**Task to carry out**
Copy every line of the records exactly, without including the images.

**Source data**
=== Begin Enclosure ===

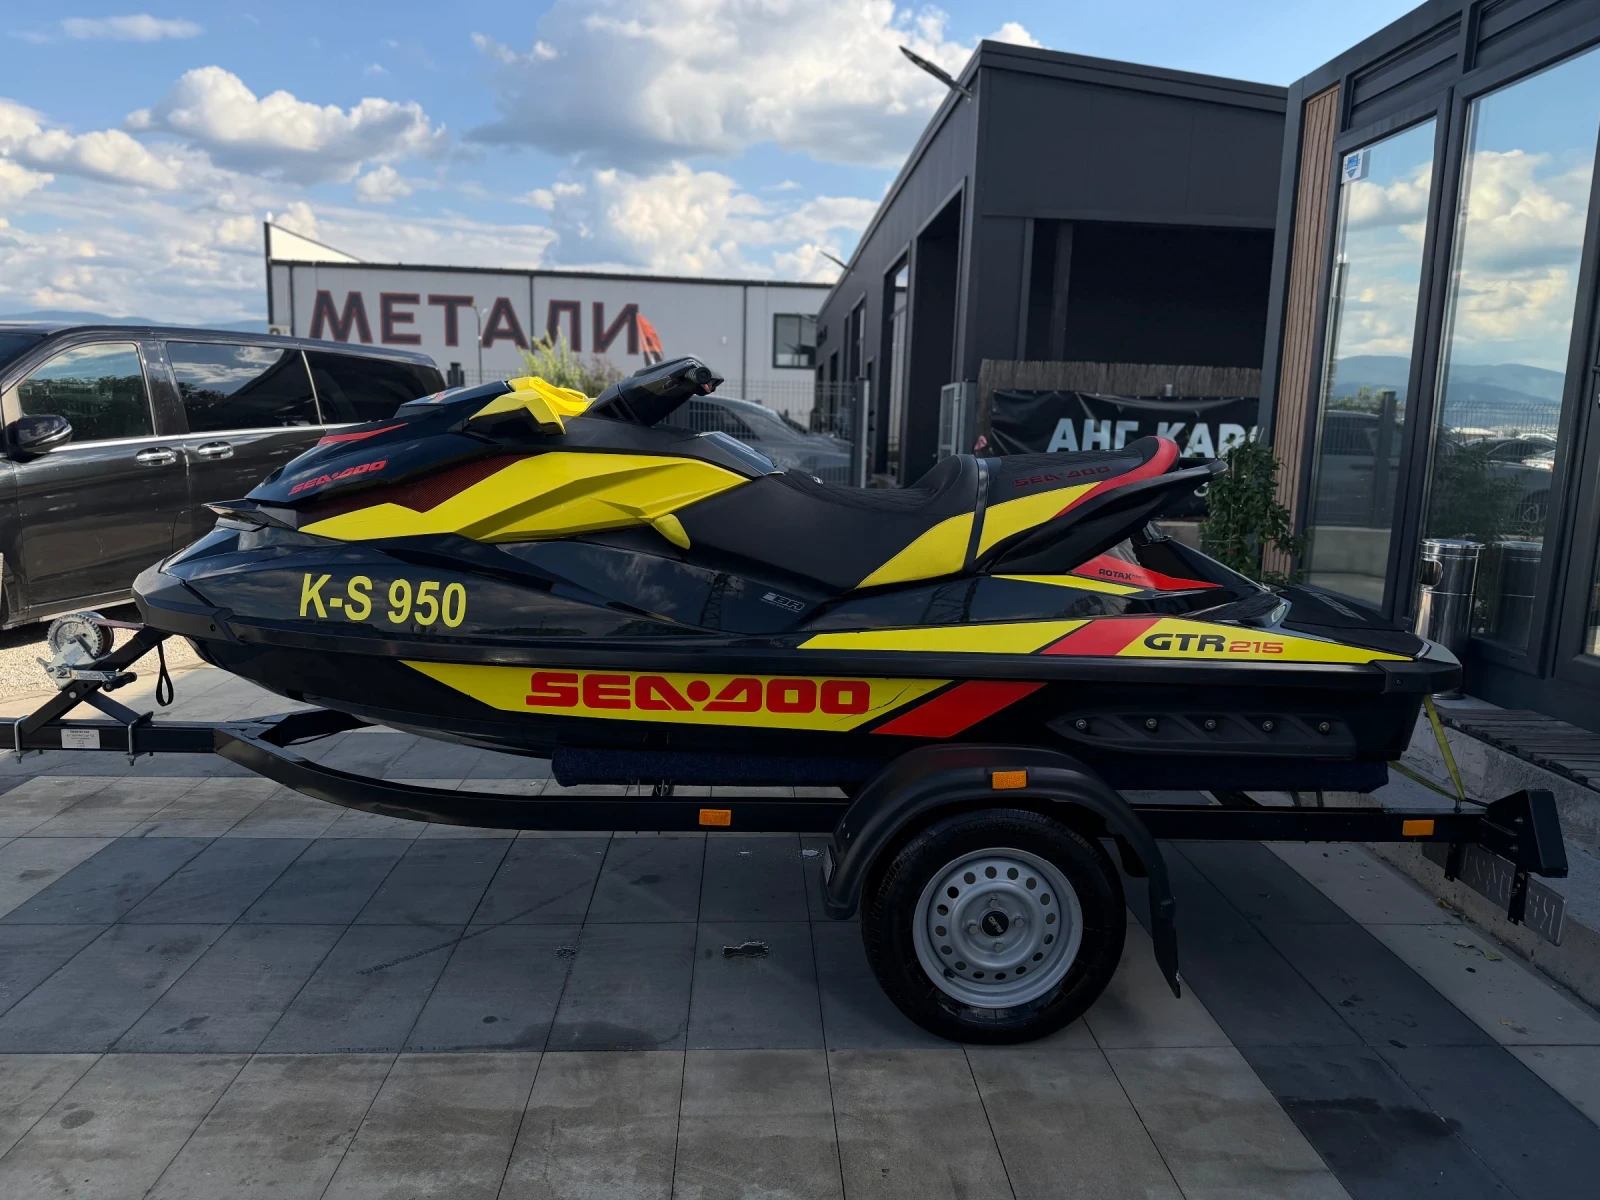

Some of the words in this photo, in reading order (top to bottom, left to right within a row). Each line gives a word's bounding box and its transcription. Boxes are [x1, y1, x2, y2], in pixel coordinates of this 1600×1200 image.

[308, 290, 639, 355] МЕТАЛИ
[1098, 568, 1132, 581] ROTAX
[299, 573, 373, 621] K-S
[387, 578, 467, 628] 950
[1143, 633, 1226, 652] GTR
[1228, 640, 1284, 654] 215

=== End Enclosure ===

**Solved problem**
Some of the words in this photo, in reading order (top to bottom, left to right within a row). Each line gives a word's bounding box and its transcription. Boxes are [x1, y1, x2, y2], in pixel coordinates of this 1600×1200 image.

[308, 290, 639, 355] МЕТАЛИ
[1098, 568, 1132, 581] ROTAX
[299, 573, 373, 621] K-S
[387, 578, 467, 628] 950
[1143, 633, 1226, 652] GTR
[1228, 640, 1284, 654] 215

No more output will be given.